In other cases this predicate simply succeeds. See also trim_stacks/0
If SWI-Prolog core detects that tcmalloc is the current allocator and
provides the following additional predicates.
- [nondet]malloc_property(?Property)
- True when Property is a property of the current allocator.
The properties are defined by the allocator. The properties of tcmalloc
are defined in
gperftools/malloc_extension.h
:169Documentation
copied from the header.
- ’generic.current_allocated_bytes’(-Int)
- Number of bytes currently allocated by application.
- ’generic.heap_size’(-Int)
- Number of bytes in the heap (= current_allocated_bytes + fragmentation +
freed memory regions).
- ’tcmalloc.max_total_thread_cache_bytes’(-Int)
- Upper limit on total number of bytes stored across all thread caches.
- ’tcmalloc.current_total_thread_cache_bytes’(-Int)
- Number of bytes used across all thread caches.
- ’tcmalloc.central_cache_free_bytes’(-Int)
- Number of free bytes in the central cache that have been assigned to
size classes. They always count towards virtual memory usage, and unless
the underlying memory is swapped out by the OS, they also count towards
physical memory usage.
- ’tcmalloc.transfer_cache_free_bytes’(-Int)
- Number of free bytes that are waiting to be transferred between the
central cache and a thread cache. They always count towards virtual
memory usage, and unless the underlying memory is swapped out by the OS,
they also count towards physical
- ’tcmalloc.thread_cache_free_bytes’(-Int)
- Number of free bytes in thread caches. They always count towards virtual
memory usage, and unless the underlying memory is swapped out by the OS,
they also count towards physical memory usage.
- ’tcmalloc.pageheap_free_bytes’(-Int)
- Number of bytes in free, mapped pages in page heap. These bytes can be
used to fulfill allocation requests. They always count towards virtual
memory usage, and unless the underlying memory is swapped out by the OS,
they also count towards physical memory usage. This property is not
writable.
- ’tcmalloc.pageheap_unmapped_bytes’(-Int)
- Number of bytes in free, unmapped pages in page heap. These are bytes
that have been released back to the OS, possibly by one of the
MallocExtension "Release" calls. They can be used to fulfill allocation
requests, but typically incur a page fault.

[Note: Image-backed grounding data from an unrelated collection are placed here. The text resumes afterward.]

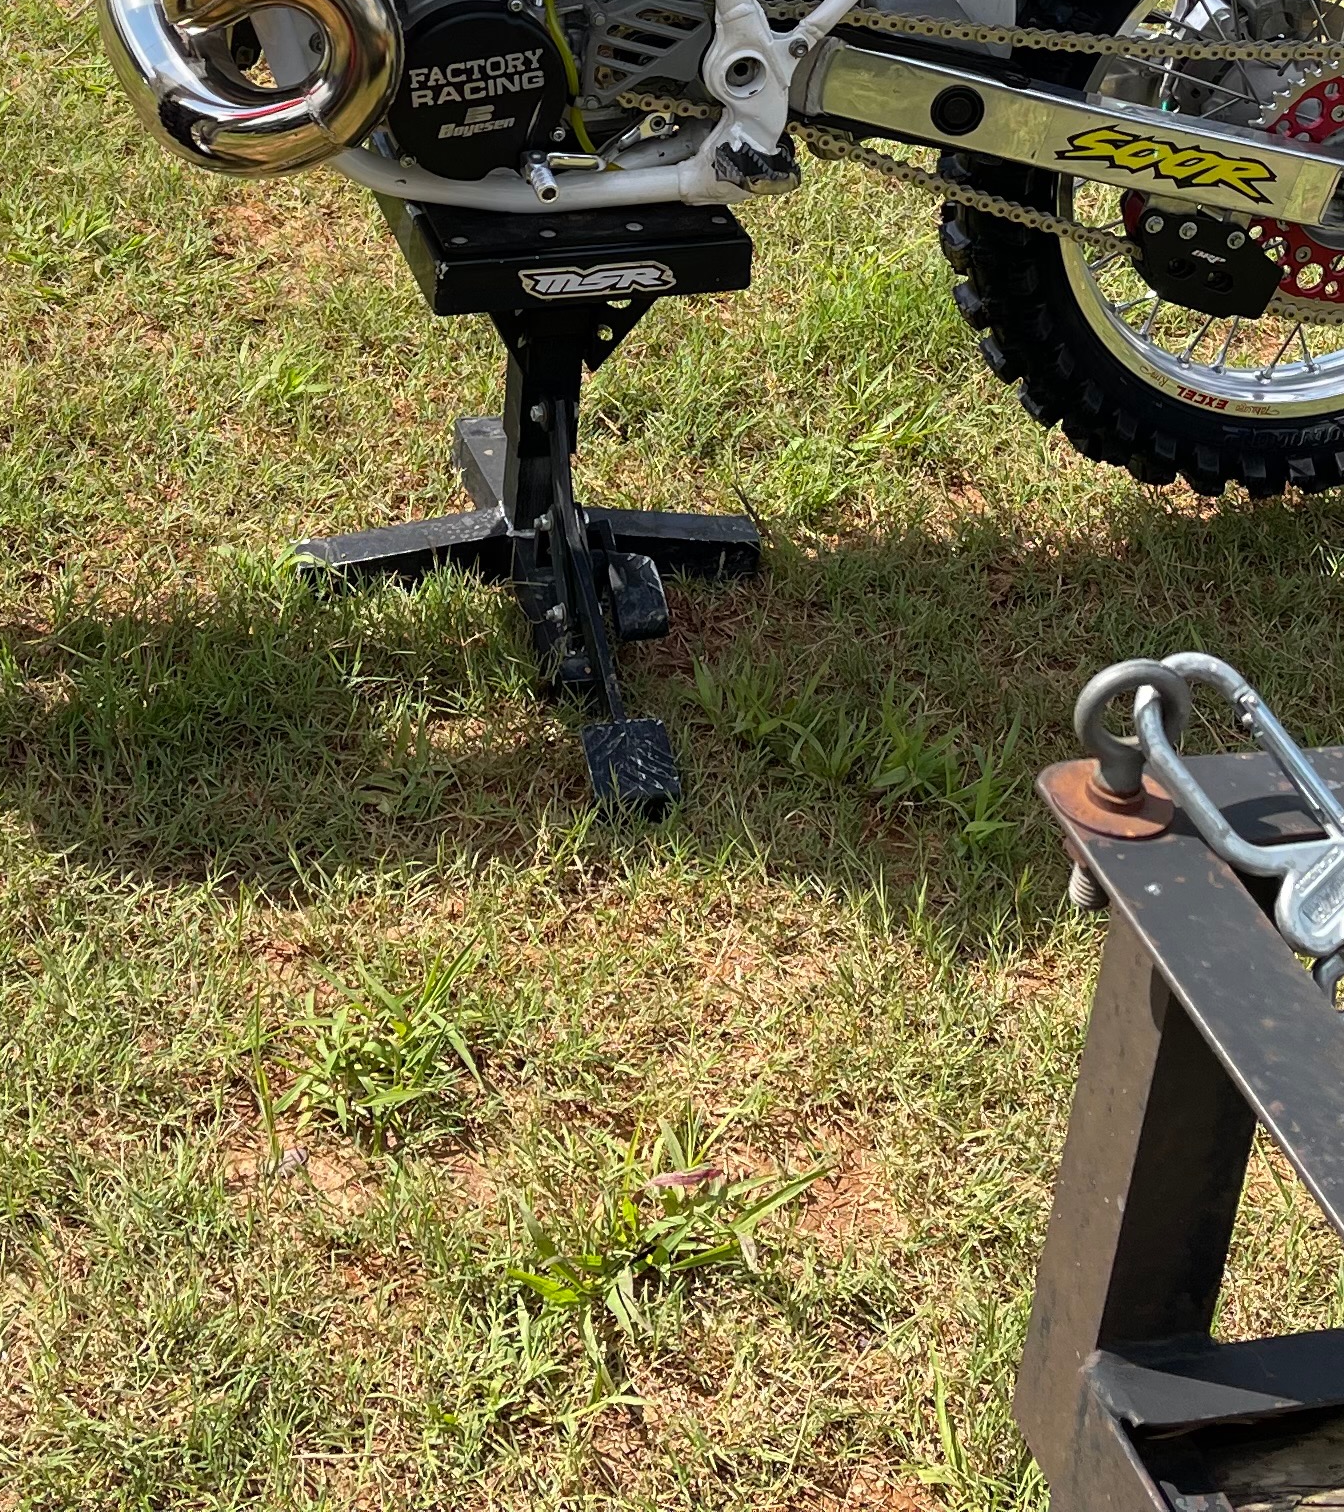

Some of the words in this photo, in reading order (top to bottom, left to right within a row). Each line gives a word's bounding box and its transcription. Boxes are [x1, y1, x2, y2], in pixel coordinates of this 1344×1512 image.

[409, 49, 544, 88] FACTORY
[411, 70, 545, 108] RACING
[438, 117, 516, 139] Boyesen
[1055, 124, 1277, 204] 500R
[532, 267, 663, 294] MSR
[1176, 385, 1229, 410] EXCEL

They always count towards
virtual memory usage, and depending on the OS, typically do not count
towards physical memory usage.
- [det]set_malloc(+Property)
- Set properties described in malloc_property/1.

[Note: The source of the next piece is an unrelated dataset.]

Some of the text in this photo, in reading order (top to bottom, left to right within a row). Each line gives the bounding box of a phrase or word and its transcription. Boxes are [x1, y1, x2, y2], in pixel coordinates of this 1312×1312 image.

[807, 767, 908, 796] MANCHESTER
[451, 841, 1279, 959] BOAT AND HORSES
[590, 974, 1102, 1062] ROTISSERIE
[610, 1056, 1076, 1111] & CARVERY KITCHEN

Currently the only writable property is
tcmalloc.max_total_thread_cache_bytes
. Setting an unknown
property raises a domain_error
and setting a read-only
property raises a permission_error
exception.
- [semidet]thread_idle(:Goal,
+Duration)
- Indicates to the system that the calling thread will idle for some time
while calling Goal as once/1.
This call releases resources to the OS to minimise the footprint of the
calling thread while it waits. Despite the name this predicate is always
provided, also if the system is not configured with tcmalloc or is
single threaded.
Duration is one of
- short
- Calls trim_stacks/0
and, if tcmalloc is used, calls
MallocExtension_MarkThreadTemporarilyIdle() which empties the
thread's malloc cache but preserves the cache itself.
- long
- Calls garbage_collect/0
and trim_stacks/0
and, if tcmalloc is used, calls MallocExtension_MarkThreadIdle()
which releases all thread-specific allocation data structures.